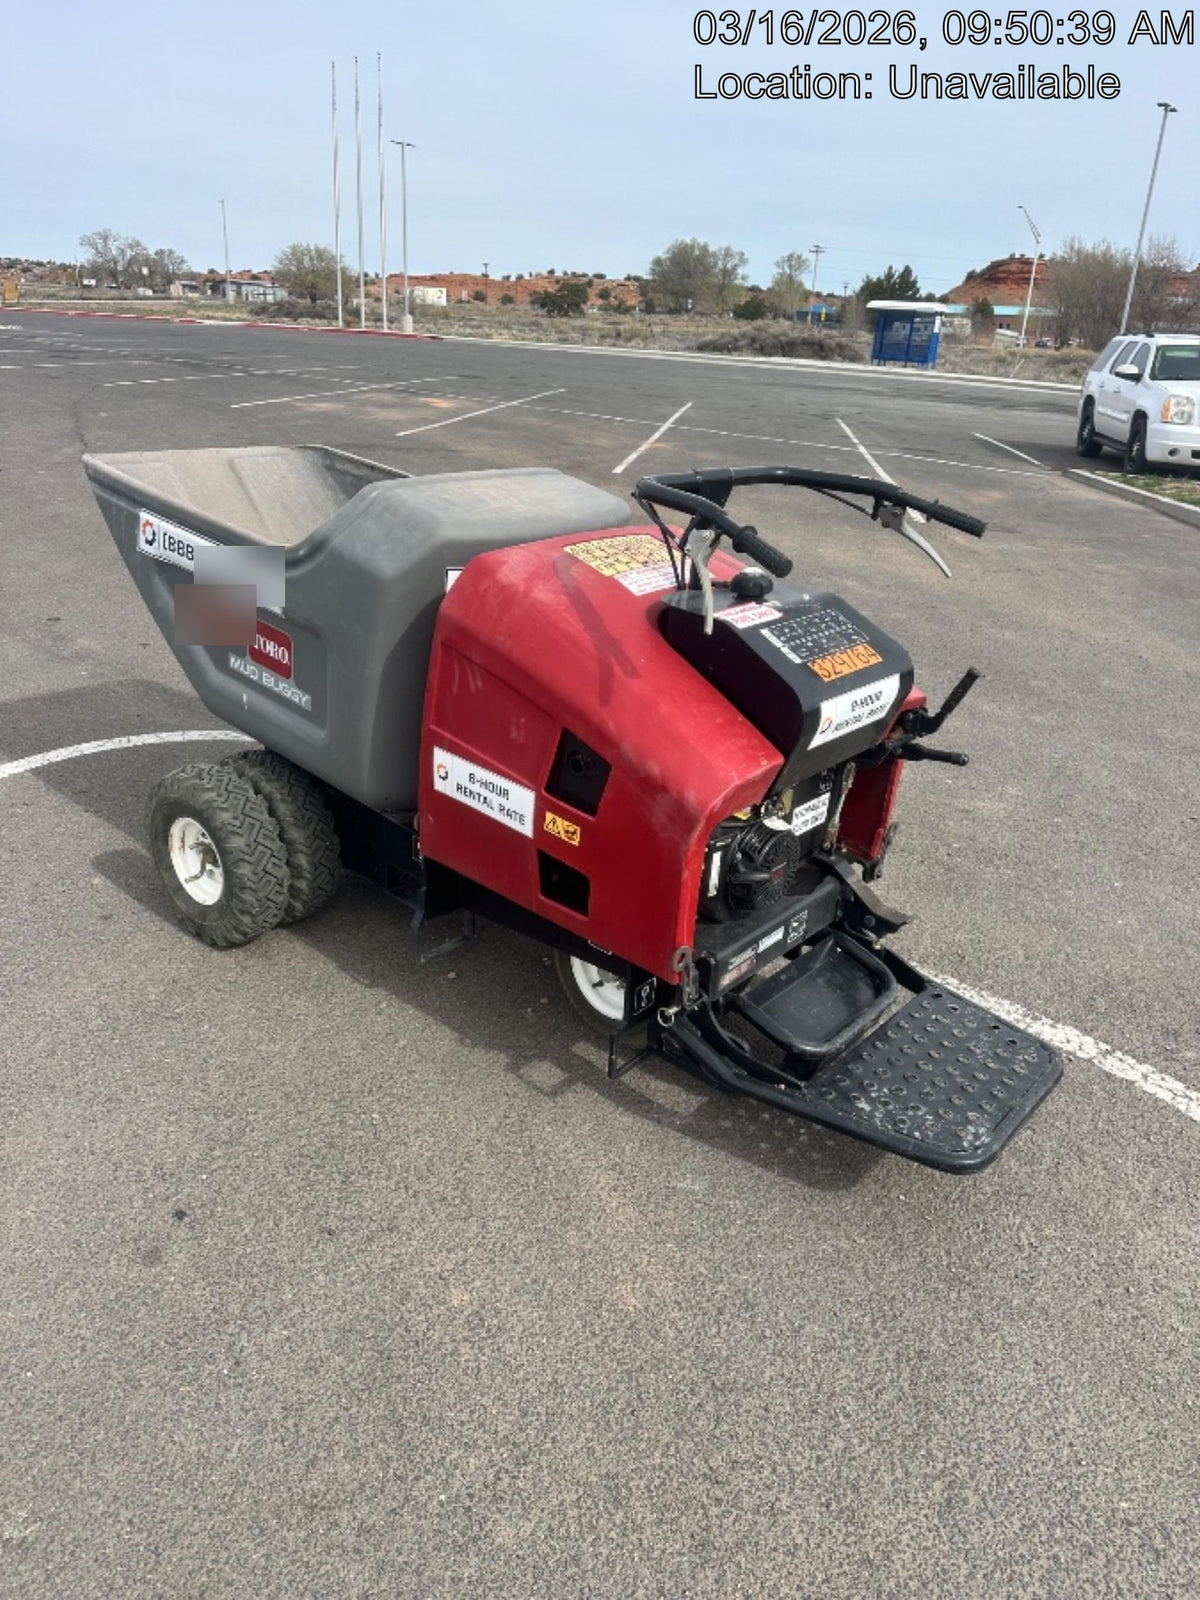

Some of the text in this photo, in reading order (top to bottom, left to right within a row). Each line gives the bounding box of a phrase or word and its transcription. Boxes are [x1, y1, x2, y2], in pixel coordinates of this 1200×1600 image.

[229, 655, 309, 706] MUD BUGGY
[456, 782, 526, 826] RENTAL RATE
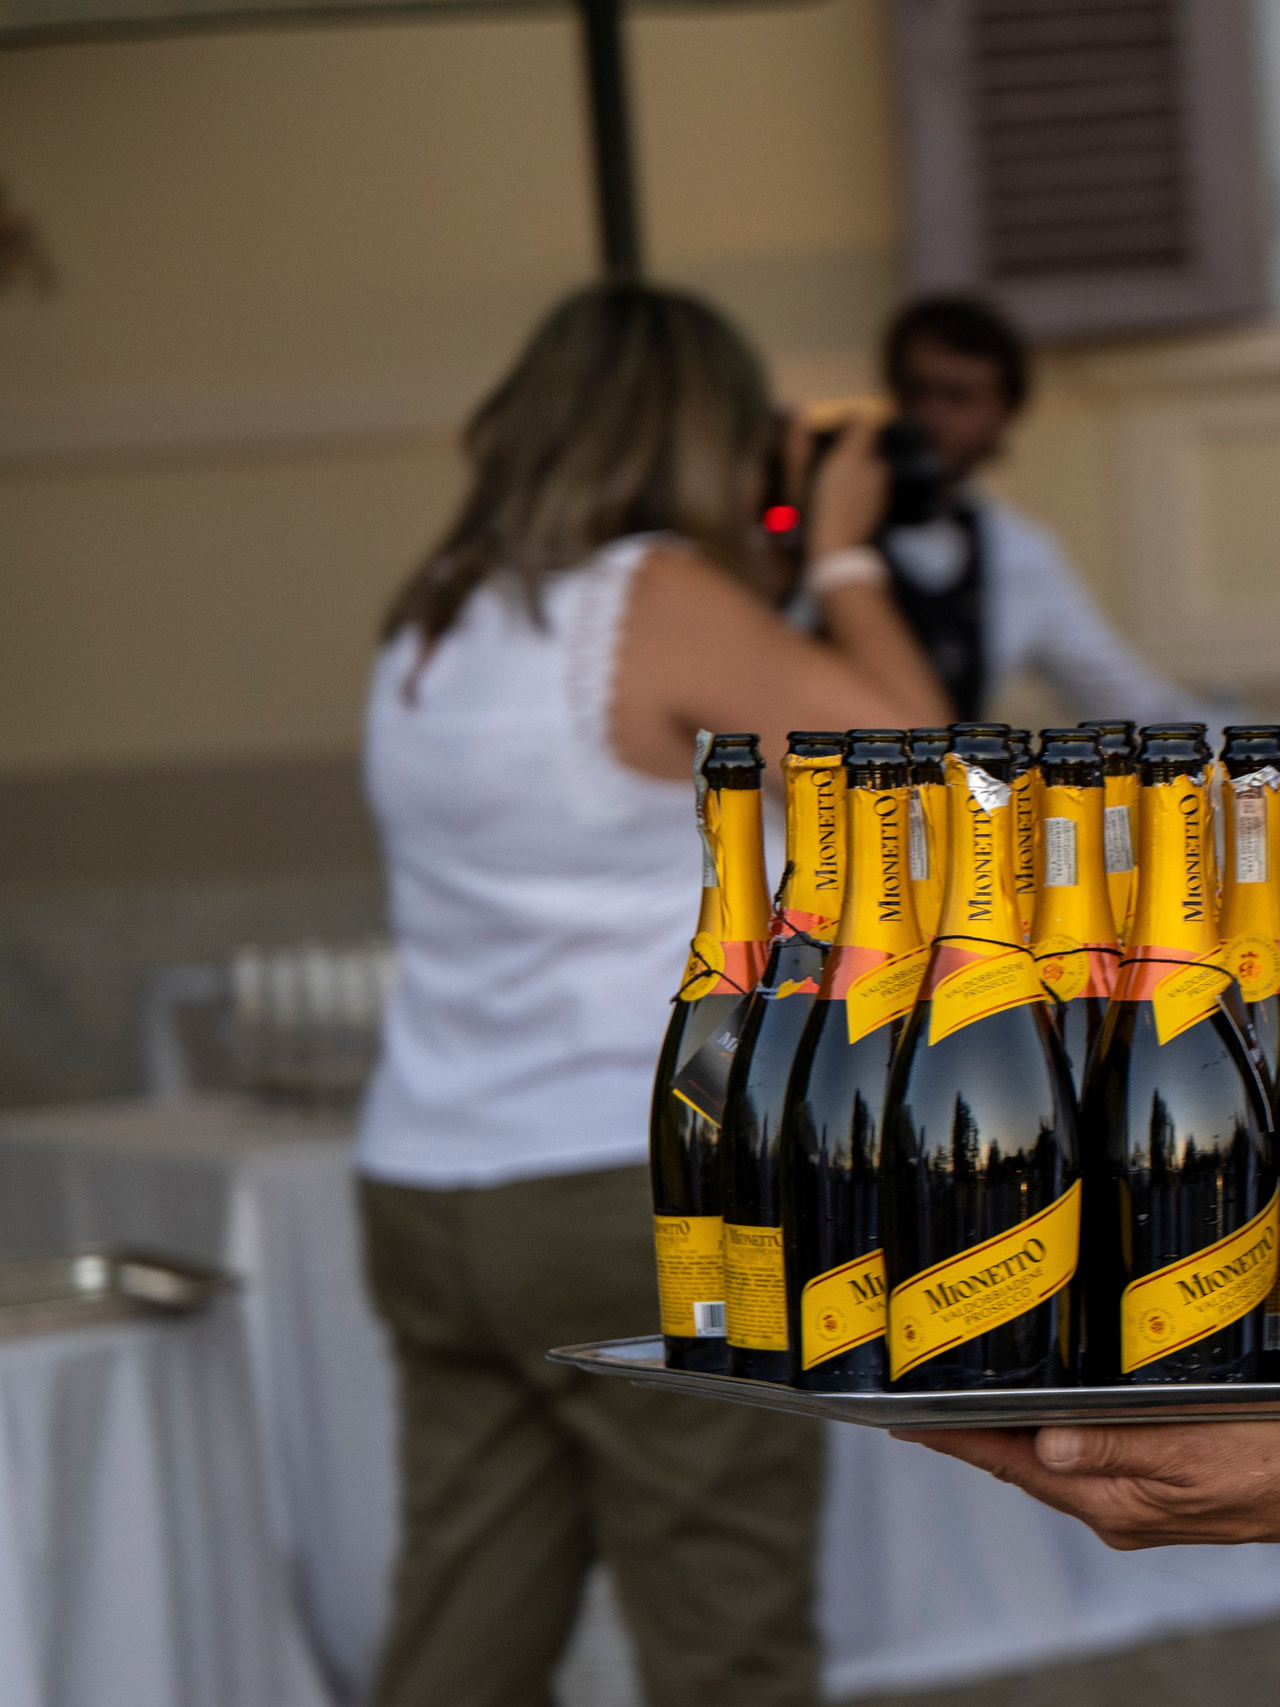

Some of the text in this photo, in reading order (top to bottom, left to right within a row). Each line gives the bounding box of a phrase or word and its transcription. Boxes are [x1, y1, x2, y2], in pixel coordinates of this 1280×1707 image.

[811, 768, 838, 891] MIONETTO
[873, 795, 902, 922] MIONETTO
[1179, 793, 1204, 922] MIONETTO
[923, 1238, 1047, 1315] MIONETTO
[1174, 1226, 1276, 1306] MIONETTO

⁂

Would you transcribe all of the data exactly, apart from its pictures?

Some of the text in this photo, in reading order (top to bottom, left to right within a row). Each line gives the bounding box of a phrase or word and its transcription. Boxes are [x1, y1, x2, y2], in pixel coordinates of this 1200×1600 image.

[229, 655, 309, 706] MUD BUGGY
[456, 782, 526, 826] RENTAL RATE

Some of the text in this photo, in reading order (top to bottom, left to right within a row). Each line gives the bounding box of a phrase or word and its transcription. Boxes are [x1, y1, x2, y2], in pixel coordinates of this 1280×1707 image.

[811, 768, 838, 891] MIONETTO
[873, 795, 902, 922] MIONETTO
[1179, 793, 1204, 922] MIONETTO
[923, 1238, 1047, 1315] MIONETTO
[1174, 1226, 1276, 1306] MIONETTO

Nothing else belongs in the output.